However, there are cases reported in the literature which support the conclusion that the virus is transmitted through the air. In particular, the paper COVID-19 Outbreak Associated with Air Conditioning in Restaurant, Guangzhou, China, 2020, notes that “Virus transmission in this outbreak cannot be explained by droplet transmission alone. Larger respiratory droplets (>5 μm) remain in the air for only a short time and travel only short distances, generally <1 m”. Indirect Virus Transmission in Cluster of COVID-19 Cases, Wenzhou, China, 2020 notes that “the rapid spread of SARS-CoV-2 in our study could have resulted from spread via fomites (e.g., elevator buttons or restroom taps) or virus aerosolization in a confined public space (e.g., restrooms or elevators). All case-patients other than those on floor 7 were female, including a restroom cleaner, so common restroom use could have been the infection source. For case-patients who were customers in the shopping mall but did not report using the restroom, the source of infection could have been the elevators. The Guangzhou Center for Disease Control and Prevention detected the nucleic acid of SARS-CoV-2 on a doorknob at a patient’s house (5), but Wenzhou Center for Disease Control and Prevention test results for an environmental sample from the surface of a mall elevator wall and button were negative”. Other cases not yet reported in the scientific literature include a Seattle choir rehearsal where 45 have been diagnosed with COVID-19 or ill with the symptoms, despite all attendees required to use hand sanitizer, and a conference in Boston where 77 people became infected. Locations that had sporting events and festivals, where there tends to be singing and shouting, which eject larger and more droplets further distances, have had large COVID-19 outbreaks.

Perhaps the most interesting case for understanding transmission routes is a call center building in Guro-gu, Seoul, There are a total of 163 confirmed cases since 8 March. Of the 163 confirmed cases, 97 are persons who worked in the building (11th floor = 94; 10th floor = 2; 9th floor = 1), and 66 are their contacts.” So nearly all the cases in the building were on a single floor. This strongly suggests that transmission must be mainly through the air, otherwise, if transmission was primarily through touching surfaces, elevator buttons and front doors etc would have caused substantial transmission to other floors.

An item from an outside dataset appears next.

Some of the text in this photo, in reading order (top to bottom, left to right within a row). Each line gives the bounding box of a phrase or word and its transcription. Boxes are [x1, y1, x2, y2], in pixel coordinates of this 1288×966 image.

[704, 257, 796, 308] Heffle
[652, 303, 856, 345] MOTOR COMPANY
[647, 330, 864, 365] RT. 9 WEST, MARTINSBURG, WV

I have only been able to find a single case that seems likely to be caused by infection through surface contact. In this case, a person in Singapore who sat in a church pew that was earlier used by an infected patient became infected themselves. It’s possible that the virus was transmitted through the pew, although it’s also possible that since the people went to the same church, they came into contact before or after the service.

If it’s spread through the air, can a cloth mask really stop it? Isn’t the virus too small?

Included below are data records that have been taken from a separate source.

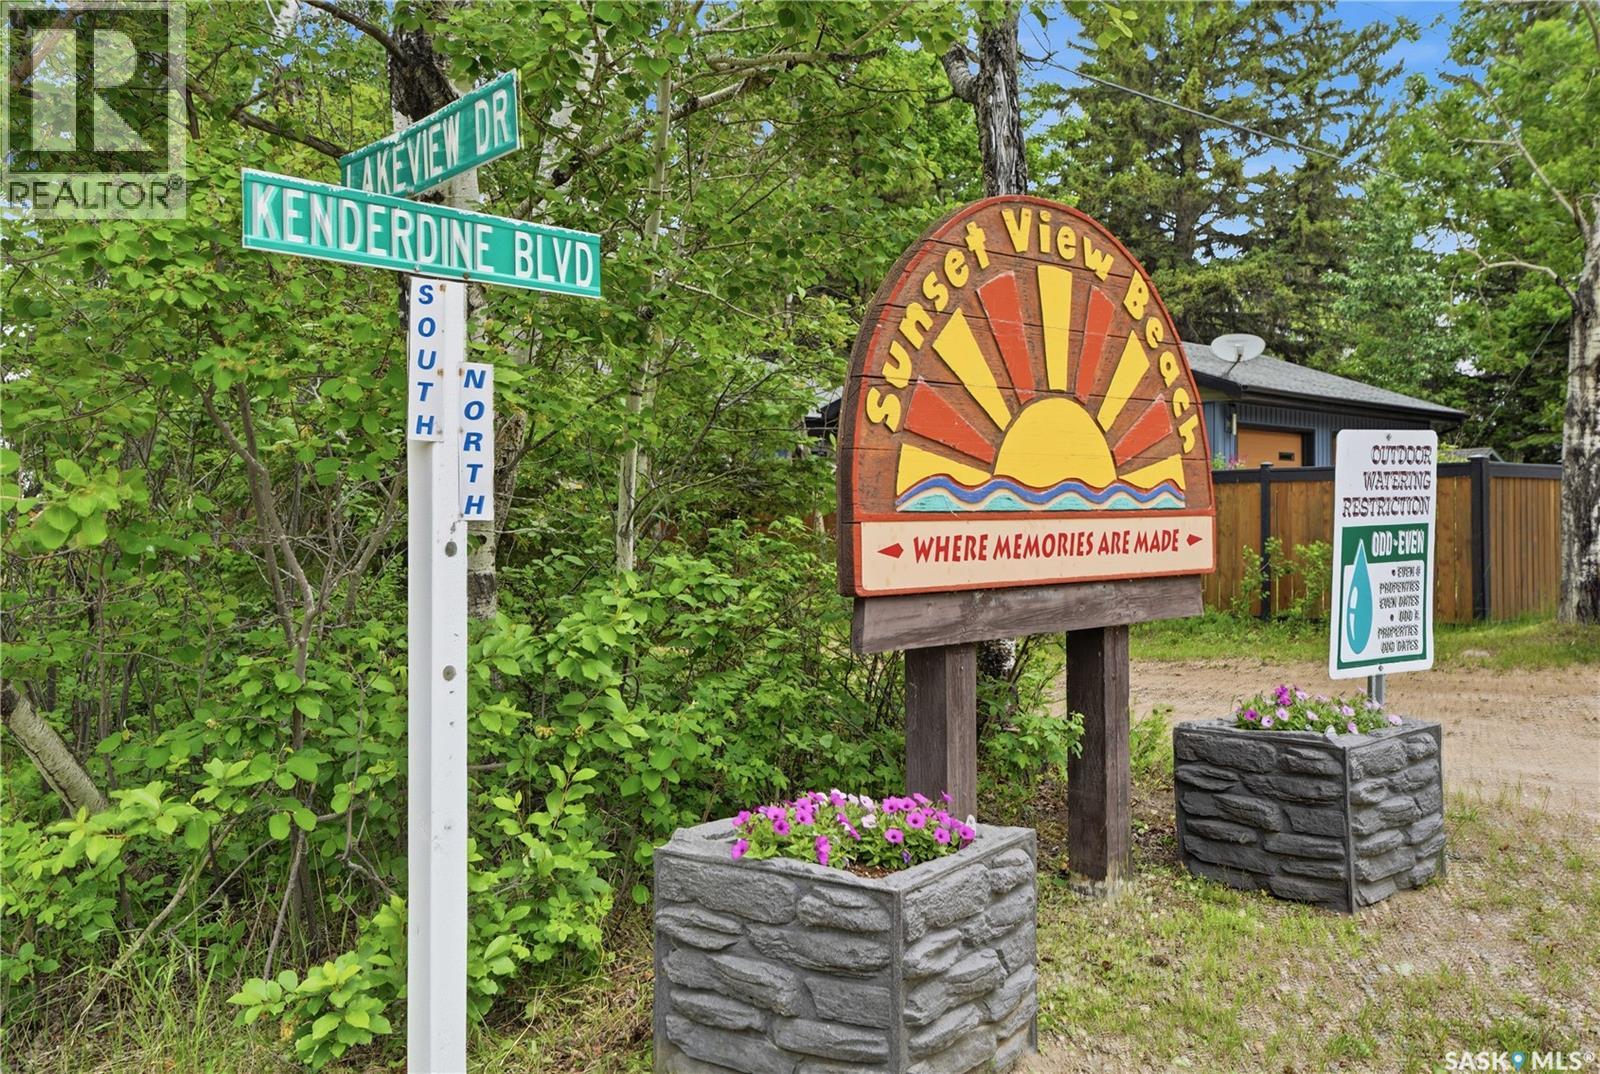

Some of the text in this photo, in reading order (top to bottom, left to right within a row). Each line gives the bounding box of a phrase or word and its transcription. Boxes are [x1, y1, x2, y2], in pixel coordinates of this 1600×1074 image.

[474, 88, 510, 155] DR
[250, 183, 595, 287] KENDERDINE BLVD
[416, 283, 436, 438] SOUTH
[865, 206, 1199, 455] Sunset View Beach
[462, 369, 487, 516] NORTH
[1371, 444, 1432, 466] OUTDOOR
[1342, 496, 1431, 518] RESTRICTION
[1363, 470, 1432, 491] WATERING
[913, 528, 1180, 563] WHERE MEMORIES ARE MADE

Coronavirus particles are so small that they can fit through the weave of most household cloth materials. Medical masks, such as N95 respirators, use special materials that create difficult to navigate pathways in the fabric that make it very hard for these tiny particles to get through the material. They also are specially fitted to the face of each healthcare worker to minimize gaps that these particles can get through.

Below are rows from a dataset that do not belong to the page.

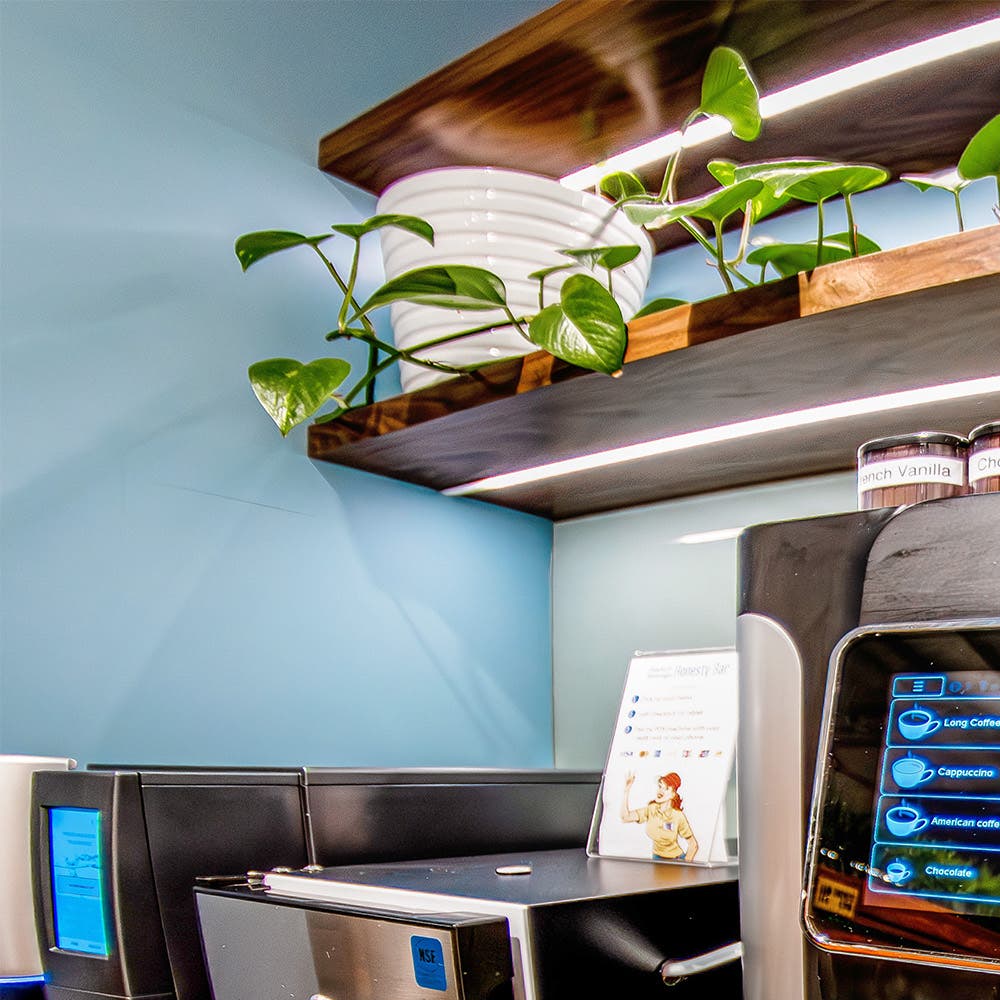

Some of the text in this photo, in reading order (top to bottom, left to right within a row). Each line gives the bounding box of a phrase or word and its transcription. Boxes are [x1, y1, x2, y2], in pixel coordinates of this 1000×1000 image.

[861, 463, 951, 484] ench Vanilla
[943, 718, 967, 729] Long
[937, 767, 993, 778] Cappuccino
[930, 817, 975, 827] American
[925, 866, 973, 877] Chocolate

Many commentators have been distracted by this, not realizing that the droplets that are ejected from an infected mask wearer are far bigger than the virus particles, and are easily blocked with around 99% efficacy, as shown in this recent NEJM paper that used laser light scattering to explore the effect. (The paper includes videos that make it easy to see for yourself what’s going on.)

We don’t know for sure yet whether droplets ejected during breathing are also an important transmission path. These droplets are much smaller, and have a lower total viral load, compared to droplets from speech, but I haven’t found any studies that directly study the impact of this on COVID-19 transmission.

The good news, however, is that we do have a study that shows the impact of wearing an unfitted mask on seasonal coronavirus transmission, based on the amount of virus particles found in droplets ejected during breathing. In this study, the unfitted mask was 100% effective in blocking these for seasonal coronavirus.

There’s even a study that tested the efficacy of a cloth mask at blocking COVID-19. Unfortunately, there are some problems with the study:

  • Symptomatic people should stay home, so testing speech would have been more helpful than testing coughs
  • The test was done at 8 inches, which is much closer than people should be if following physical distancing guidelines
  • Only 4 patients were tested
  • The data analysis was not done correctly.

We can’t fix the first three problems, but we can fix the fourth. When we do, we find that over 95% of the viral load was blocked by the cloth masks.

To improve protection for the wearer, a coffee filter or paper towel can be easily inserted into the mask to improve filtering. For instance, the Hong Kong Consumer Council recommended design includes a paper towel, after scientists “scanned kitchen paper towel under electronic microscope and revealed that the fabric size, gaps and layout of kitchen paper towel are similar to that of the middle layer of surgical mask”.

Won’t wearing masks make people just be less careful about physical distancing?

There is no evidence that mask use reduces compliance with other recommended strategies, such as physical distancing. Anecdotal evidence suggests that wearing masks is a useful reminder of the gravity of the situation, and may remind others to keep their distance. Historically, public health initiatives such as seat belts, condoms, and motorbike helmets are generally associated with concerns about negative outcomes due to increasing risky behavior, but overall population results have not borne out these concerns in practice.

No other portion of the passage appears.